Saved data entries:
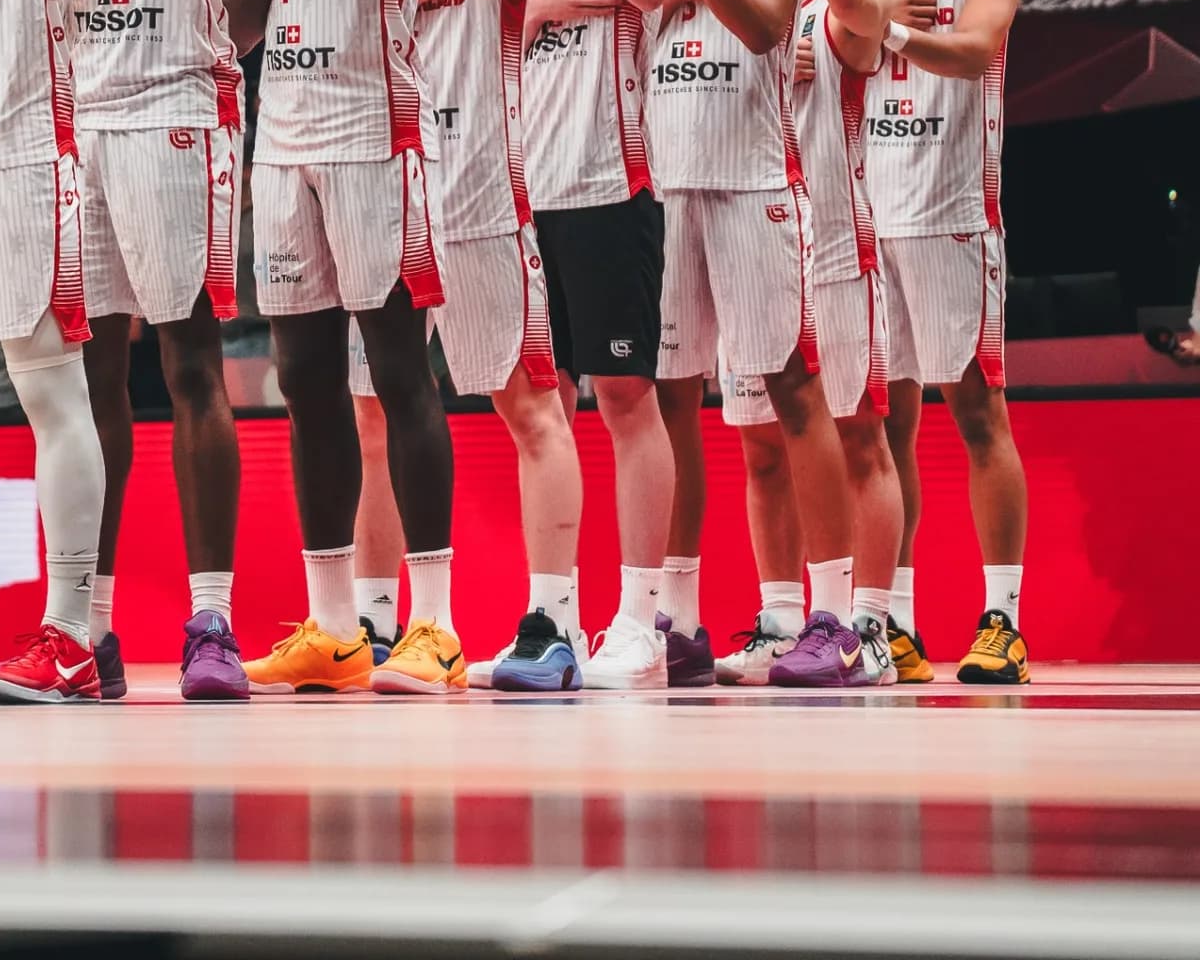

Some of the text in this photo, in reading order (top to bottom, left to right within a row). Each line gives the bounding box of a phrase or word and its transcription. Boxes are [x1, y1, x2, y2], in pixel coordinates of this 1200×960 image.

[74, 7, 164, 33] TISSOT
[266, 47, 336, 71] TISSOT
[652, 62, 740, 84] ISSOT
[866, 117, 945, 137] ISSOT
[270, 274, 303, 283] La Tour
[661, 341, 680, 350] Tour
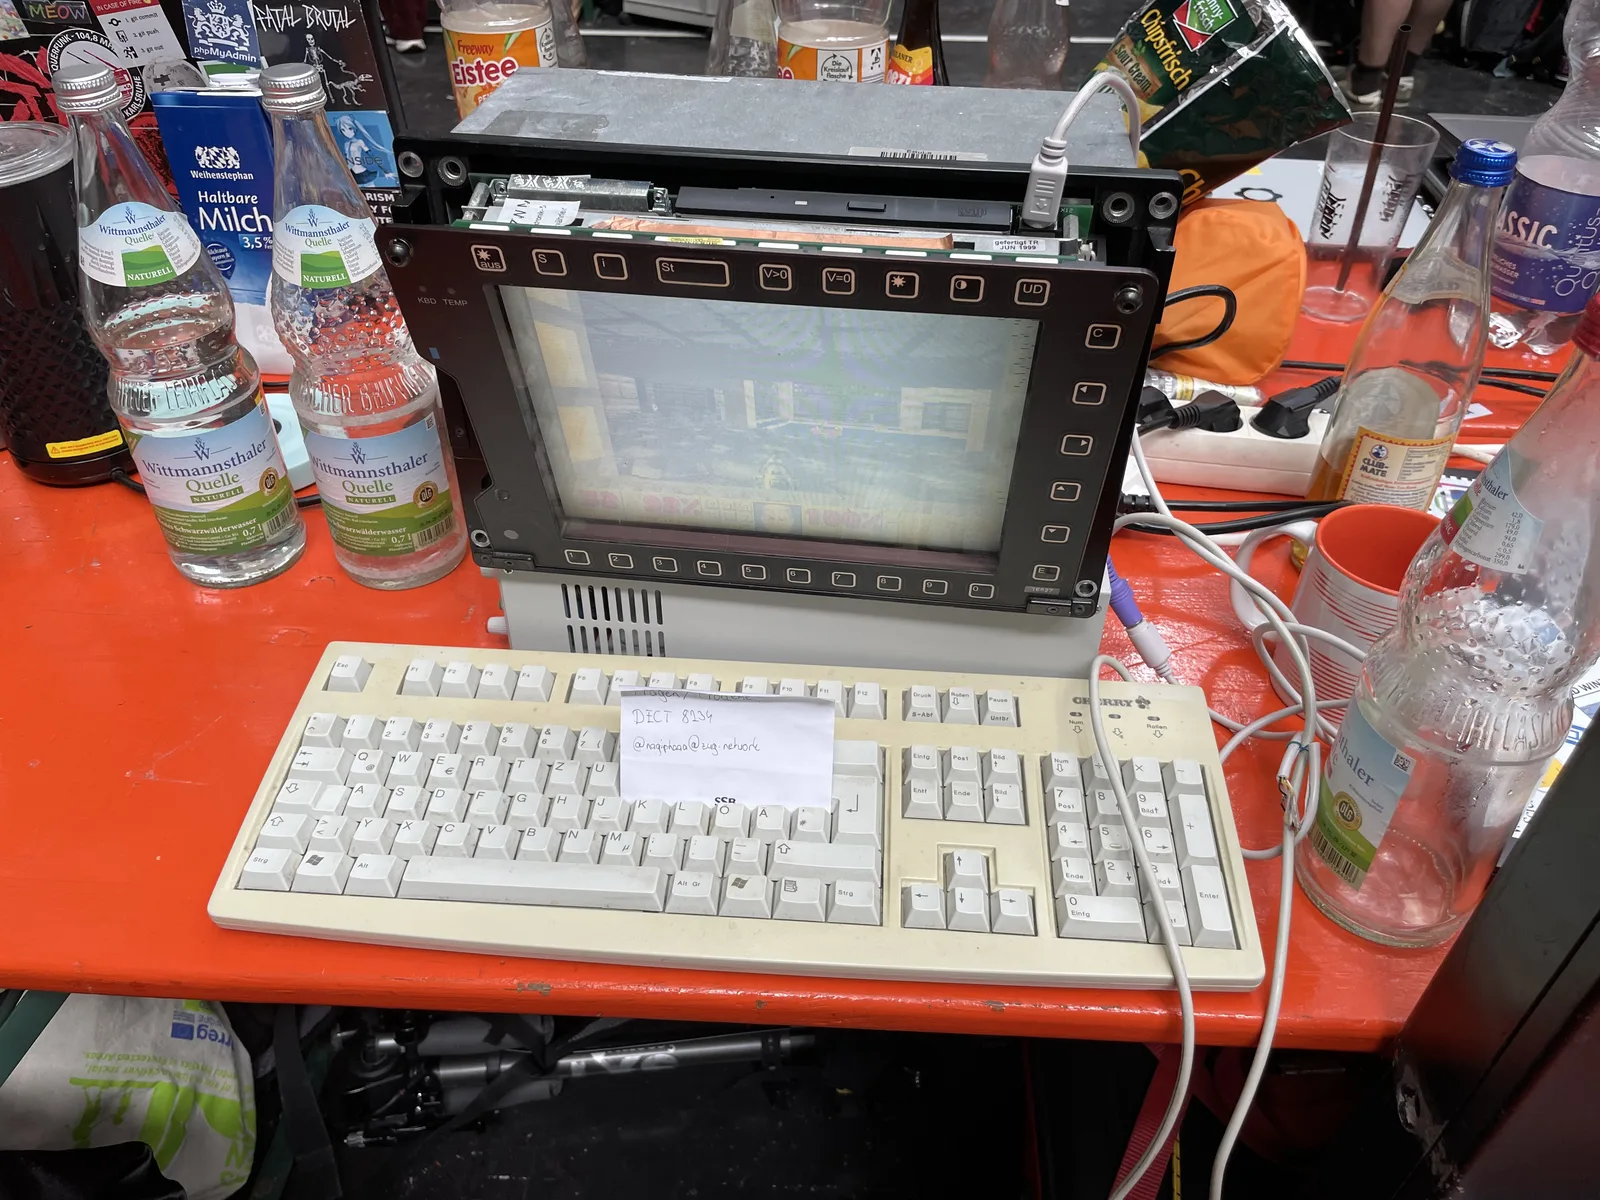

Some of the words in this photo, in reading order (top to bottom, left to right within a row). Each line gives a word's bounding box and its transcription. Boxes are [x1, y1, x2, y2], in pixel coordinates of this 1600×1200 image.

[29, 4, 85, 19] MEOW
[103, 3, 119, 11] CASE
[253, 5, 302, 33] FATAL
[302, 4, 357, 33] BRUTAL
[146, 28, 160, 37] push
[51, 34, 72, 71] QUERFUNK
[76, 32, 98, 42] 104,8
[457, 40, 494, 56] Freeway
[1141, 9, 1193, 91] Chipsfrisch
[194, 46, 257, 63] phpMyAdmin
[1115, 44, 1133, 67] Sour
[452, 58, 517, 85] Eistee
[1128, 62, 1152, 93] Cream
[125, 75, 141, 117] KARLSRUHE
[190, 170, 254, 182] Weihenstephan
[198, 190, 259, 205] Haltbare
[366, 192, 395, 203] RISM
[198, 205, 274, 233] Milch
[99, 214, 167, 236] Wittmannsthaler
[285, 221, 351, 238] Wittmannsthaler
[124, 232, 153, 247] Quelle
[242, 236, 263, 249] 3,5
[305, 237, 332, 248] Quelle
[538, 254, 547, 264] S
[480, 260, 502, 270] aus
[661, 262, 675, 273] St
[127, 266, 173, 281] NATURELL
[303, 273, 348, 283] NATURELL
[764, 268, 787, 281] V>0
[827, 272, 851, 284] V=0
[1022, 283, 1043, 295] UD
[417, 297, 437, 306] KBD
[442, 298, 468, 307] TEMP
[1092, 328, 1103, 338] C
[142, 438, 268, 478] Wittmannsthaler
[310, 453, 429, 479] Wittmannsthaler
[1362, 457, 1389, 470] CLUB-
[1360, 465, 1387, 477] MATE
[186, 472, 240, 494] Quelle
[342, 479, 394, 495] Quelle
[193, 488, 242, 503] NATURELL
[348, 496, 395, 505] NATURELL
[421, 490, 433, 501] DLG
[242, 526, 257, 538] 0,7
[391, 533, 406, 544] 0,7
[1072, 696, 1133, 707] CHRRY
[632, 708, 673, 724] DECT
[358, 752, 369, 762] Q
[398, 754, 411, 763] W
[437, 756, 445, 765] E
[476, 758, 485, 766] R
[517, 760, 526, 768] T
[555, 762, 564, 770] Z
[595, 764, 604, 772] U
[445, 767, 454, 775] €
[354, 786, 364, 794] A
[396, 788, 405, 796] S
[435, 789, 445, 798] D
[476, 791, 485, 799] F
[1057, 789, 1063, 797] 7
[517, 794, 526, 803] G
[557, 796, 567, 804] H
[1098, 792, 1105, 800] 8
[1139, 794, 1147, 802] 9
[597, 798, 605, 806] J
[638, 800, 647, 809] K
[678, 801, 685, 811] L
[1340, 802, 1354, 820] DLG
[364, 819, 372, 827] Y
[403, 822, 413, 830] X
[445, 824, 454, 832] C
[488, 826, 496, 834] V
[527, 828, 536, 836] B
[1060, 825, 1067, 833] 4
[1102, 827, 1109, 835] 5
[1145, 830, 1152, 838] 6
[568, 830, 579, 839] N
[610, 832, 621, 841] M
[253, 856, 268, 864] Strg
[1063, 859, 1069, 867] 1
[1108, 862, 1115, 870] 2
[838, 889, 853, 897] Strg
[1070, 897, 1077, 905] 0
[1071, 910, 1090, 918] Einfg

## TASK DETAILS:
Could you transcribe all of the data exactly and omit the pictures?

## ANSWER SPACE:
Some of the text in this photo, in reading order (top to bottom, left to right within a row). Each line gives the bounding box of a phrase or word and its transcription. Boxes are [x1, y1, x2, y2], in pixel coordinates of this 1200×960 image.

[74, 7, 164, 33] TISSOT
[266, 47, 336, 71] TISSOT
[652, 62, 740, 84] ISSOT
[866, 117, 945, 137] ISSOT
[270, 274, 303, 283] La Tour
[661, 341, 680, 350] Tour

Some of the words in this photo, in reading order (top to bottom, left to right within a row). Each line gives a word's bounding box and its transcription. Boxes are [x1, y1, x2, y2], in pixel coordinates of this 1600×1200 image.

[29, 4, 85, 19] MEOW
[103, 3, 119, 11] CASE
[253, 5, 302, 33] FATAL
[302, 4, 357, 33] BRUTAL
[146, 28, 160, 37] push
[51, 34, 72, 71] QUERFUNK
[76, 32, 98, 42] 104,8
[457, 40, 494, 56] Freeway
[1141, 9, 1193, 91] Chipsfrisch
[194, 46, 257, 63] phpMyAdmin
[1115, 44, 1133, 67] Sour
[452, 58, 517, 85] Eistee
[1128, 62, 1152, 93] Cream
[125, 75, 141, 117] KARLSRUHE
[190, 170, 254, 182] Weihenstephan
[198, 190, 259, 205] Haltbare
[366, 192, 395, 203] RISM
[198, 205, 274, 233] Milch
[99, 214, 167, 236] Wittmannsthaler
[285, 221, 351, 238] Wittmannsthaler
[124, 232, 153, 247] Quelle
[242, 236, 263, 249] 3,5
[305, 237, 332, 248] Quelle
[538, 254, 547, 264] S
[480, 260, 502, 270] aus
[661, 262, 675, 273] St
[127, 266, 173, 281] NATURELL
[303, 273, 348, 283] NATURELL
[764, 268, 787, 281] V>0
[827, 272, 851, 284] V=0
[1022, 283, 1043, 295] UD
[417, 297, 437, 306] KBD
[442, 298, 468, 307] TEMP
[1092, 328, 1103, 338] C
[142, 438, 268, 478] Wittmannsthaler
[310, 453, 429, 479] Wittmannsthaler
[1362, 457, 1389, 470] CLUB-
[1360, 465, 1387, 477] MATE
[186, 472, 240, 494] Quelle
[342, 479, 394, 495] Quelle
[193, 488, 242, 503] NATURELL
[348, 496, 395, 505] NATURELL
[421, 490, 433, 501] DLG
[242, 526, 257, 538] 0,7
[391, 533, 406, 544] 0,7
[1072, 696, 1133, 707] CHRRY
[632, 708, 673, 724] DECT
[358, 752, 369, 762] Q
[398, 754, 411, 763] W
[437, 756, 445, 765] E
[476, 758, 485, 766] R
[517, 760, 526, 768] T
[555, 762, 564, 770] Z
[595, 764, 604, 772] U
[445, 767, 454, 775] €
[354, 786, 364, 794] A
[396, 788, 405, 796] S
[435, 789, 445, 798] D
[476, 791, 485, 799] F
[1057, 789, 1063, 797] 7
[517, 794, 526, 803] G
[557, 796, 567, 804] H
[1098, 792, 1105, 800] 8
[1139, 794, 1147, 802] 9
[597, 798, 605, 806] J
[638, 800, 647, 809] K
[678, 801, 685, 811] L
[1340, 802, 1354, 820] DLG
[364, 819, 372, 827] Y
[403, 822, 413, 830] X
[445, 824, 454, 832] C
[488, 826, 496, 834] V
[527, 828, 536, 836] B
[1060, 825, 1067, 833] 4
[1102, 827, 1109, 835] 5
[1145, 830, 1152, 838] 6
[568, 830, 579, 839] N
[610, 832, 621, 841] M
[253, 856, 268, 864] Strg
[1063, 859, 1069, 867] 1
[1108, 862, 1115, 870] 2
[838, 889, 853, 897] Strg
[1070, 897, 1077, 905] 0
[1071, 910, 1090, 918] Einfg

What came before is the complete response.